Das Gesamtkontingent aus spontanen freiwilligen Zusagen aus der gesamten Bundesrepublik lag binnen weniger Tagen bei 500 Plätzen zur Aufnahme Geflüchteter aus dem Lager Moria! Wir haben also gesehen, es funktioniert. Wir sind in der Lage, uns zu organisieren.
Und wir hoffen mit der neuen Bundesregierung auf ein konstruktiveres Gespräch mit dem Innenministerium.

Sehr geehrte Damen und Herren,
jetzt stellen Sie sich bitte vor, es kämen fünf Plätze aus jeder willigen Stadt unseres internationalen Bündnisses dazu.

Glücklicherweise gibt es nicht nur den nationalen Egoismus, sondern auch die internationale Solidarität, nicht nur die Macht der Staaten, sondern auch die der Städte.

Deshalb haben wir in einer gemeinsamen Initiative mit der Stadt Palermo sowie anderen europäischen Städten am 25. Juni 2021 die Internationale Allianz der Städte Sicherer Häfen gegründet. Gesine Schwan war ebenfalls dabei.

Die Konferenz, an der unter anderem Bürgermeisterinnen und Bürgermeister aus Frankreich, Griechenland, Italien, Albanien und den Niederlanden teilnahmen, stellt den ersten Schritt im Prozess der Europäisierung des Netzwerks von Städten und Gemeinden dar.
Die Allianz soll für solidarische und pragmatische Lösungen in der Asyl- und Flüchtlingspolitik stehen – und auch in der Integrationspolitik.

In Deutschland und in Europa wird bei der Aufnahme von Geflüchteten sehr viel über Obergrenzen und sehr wenig über die Art der Verteilung vor Ort gesprochen. Das ist in meinen Augen falsch und stellt ein Hindernis dar, zielführende Migrationspolitik zu betreiben.
Aufnahme- und Integrationsmöglichkeiten werden nicht als zusammengehörende Aufgaben verstanden. Das ist ein riesiges Missverständnis!
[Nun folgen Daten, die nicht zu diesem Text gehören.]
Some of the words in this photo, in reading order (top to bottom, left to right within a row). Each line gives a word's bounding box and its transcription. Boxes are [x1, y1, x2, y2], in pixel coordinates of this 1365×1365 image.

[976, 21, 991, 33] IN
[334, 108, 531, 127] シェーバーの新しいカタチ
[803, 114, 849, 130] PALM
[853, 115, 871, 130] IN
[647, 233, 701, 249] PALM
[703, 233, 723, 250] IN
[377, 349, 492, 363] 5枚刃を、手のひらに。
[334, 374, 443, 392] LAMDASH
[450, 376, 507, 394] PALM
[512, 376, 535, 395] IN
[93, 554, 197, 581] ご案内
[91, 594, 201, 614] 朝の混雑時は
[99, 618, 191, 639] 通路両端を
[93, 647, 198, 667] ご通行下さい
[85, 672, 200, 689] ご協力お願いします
Kommunen, die freiwillig ihre Aufnahmebereitschaft signalisieren, müssen ernst genommen werden und sie gehören auch mit an den Verhandlungstisch, wenn über Verteilmechanismen gesprochen werden soll.
 
In ganz Europa sind es mehr als 700, wie nun die Online-Plattform „Moving Cities“ preisgibt. So sollte man den europäischen Städten die Gelegenheit geben regelmäßig, demokratisch legitimiert durch ihre Ratsversammlungen, ihre Bereitschaft erklären zu können, Geflüchtete zusätzlich zu den nationalstaatlichen Kontingenten aufzunehmen.
Erlauben Sie mir bitte, hier auf die pragmatische Überlegung von Frau Mogherini zurückzugreifen. Ich zitiere: „Die Migration wird bleiben (…) in einer Welt mit 7 Billionen Menschen, mit steigenden Ungleichheiten, mit dramatisch diversen demografischen Trends, ist Migration die neue Normalität. Doch richtig bewältigt, kann sie viele Möglichkeiten eröffnen. (…) Es ist also nicht etwas, was wir verhindern sollen, sondern etwas was wir handhaben müssen.“ Zitat Ende.
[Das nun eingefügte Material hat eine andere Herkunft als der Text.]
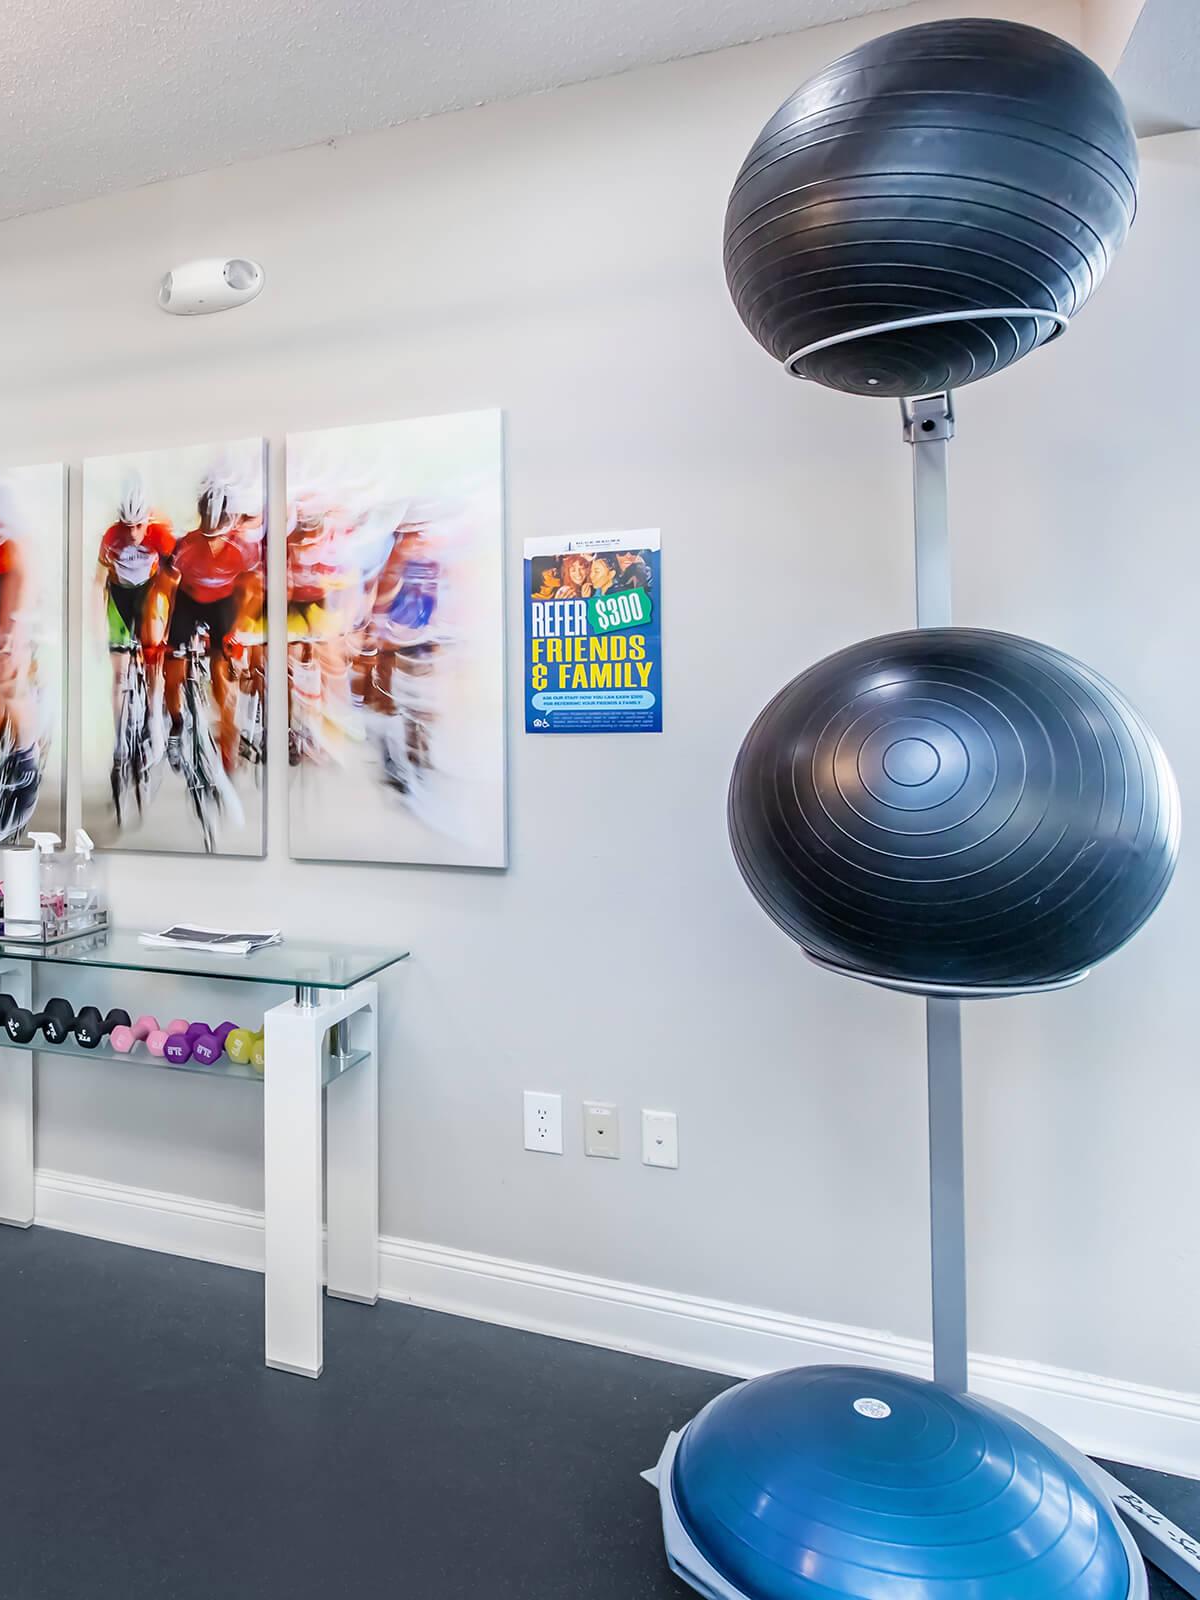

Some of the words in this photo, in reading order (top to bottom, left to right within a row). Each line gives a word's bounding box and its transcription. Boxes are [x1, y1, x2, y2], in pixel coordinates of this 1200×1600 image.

Meine sehr geehrten Damen und Herren,
wenn das so ist, dann müssen wir uns in der Gesellschaft aufeinander zubewegen. Die Frage vom Umgang mit Flucht und Migration hat sich zum Schisma in Europa entwickelt. Tief gespalten sind die europäischen Staaten. Tief gespalten ist die europäische Gesellschaft. Scheinbar unversöhnlich stehen sich zwei Gruppen gegenüber. Auf der einen Seite diejenigen, die Europa zur Festung machen wollen und auf der anderen diejenigen, die meinen, Grenzen wären etwas von gestern.

Wenn wir diese Spaltung negieren oder ignorieren, werden alle Bemühungen scheitern, Europa in der Frage von Migration und Asyl zusammenzubringen. Ich verstehe Gesine Schwans Buch hier als einen Beitrag, will aber beleuchten, weshalb ich glaube, dass es uns gelingen muss, noch stärker das Einende als das Trennende zu suchen. Denn es gibt einen Weg des Miteinanders, der in der europäischen Gesellschaft mehrheitsfähig ist.
Es geht um moralischen Pragmatismus.

Der moralische Pragmatismus, wie ich ihn sehe, kann eine Brücke schlagen, um große Teile unsere Gesellschaft wieder zusammenzubringen. Wir dürfen nicht mit der Vision einer Welt ohne Grenzen an der gesellschaftlichen Realität scheitern. Ich will mir nicht selbst suggerieren, dass es nur einen gerechten Verteilmechanismus braucht, um die Mehrheit der Menschen beim Thema Migration und Flucht hinter meiner eigenen Position zu wissen. Sondern ich erkenne an, dass es Menschen in Europa gibt, für die Grenzen eine Frage der europäischen Souveränität sind und die vom Staat erwarten, dass er diese Grenzen schützt. Erst wenn wir staatliche Handlungsfähigkeit auf beiden Seiten beweisen, gewinnen wir das Heft des Handelns zurück.

Schutz der Außengrenzen und sichere, bekannte und unbürokratisch schnelle Migrations- und Asylwege mit schnellen, einheitlichen Verfahren und anschließendem vernünftigen Verteilmechanismus, welcher auch auf die demokratisch legitimierte Freiwilligkeit der Städte setzt, brauchen wir. Das schafft Vertrauen.

Entschlossenes staatliches Handeln auf der Grundlage unseres Wertekanons ist ein Bollwerk gegen Diktatoren und Despoten, die meinen, Menschen auf der Flucht in Kombination mit Propaganda, als Druckmittel einsetzen zu können. Und starkes staatliches Handeln ist das Bollwerk gegen die populistische Rechte mit ihrem identitären, ethnisch oder sogar rassisch aufgeladenen völkischen Duktus vom Europa der Völker. Dieses Weltbild hat Europa in seiner Geschichte mehrfach ins Verderben geführt. Es hat Millionen Menschen in den Weltkriegen das Leben gekostet und dieser Nationalismus droht Europa erneut zu vergiften.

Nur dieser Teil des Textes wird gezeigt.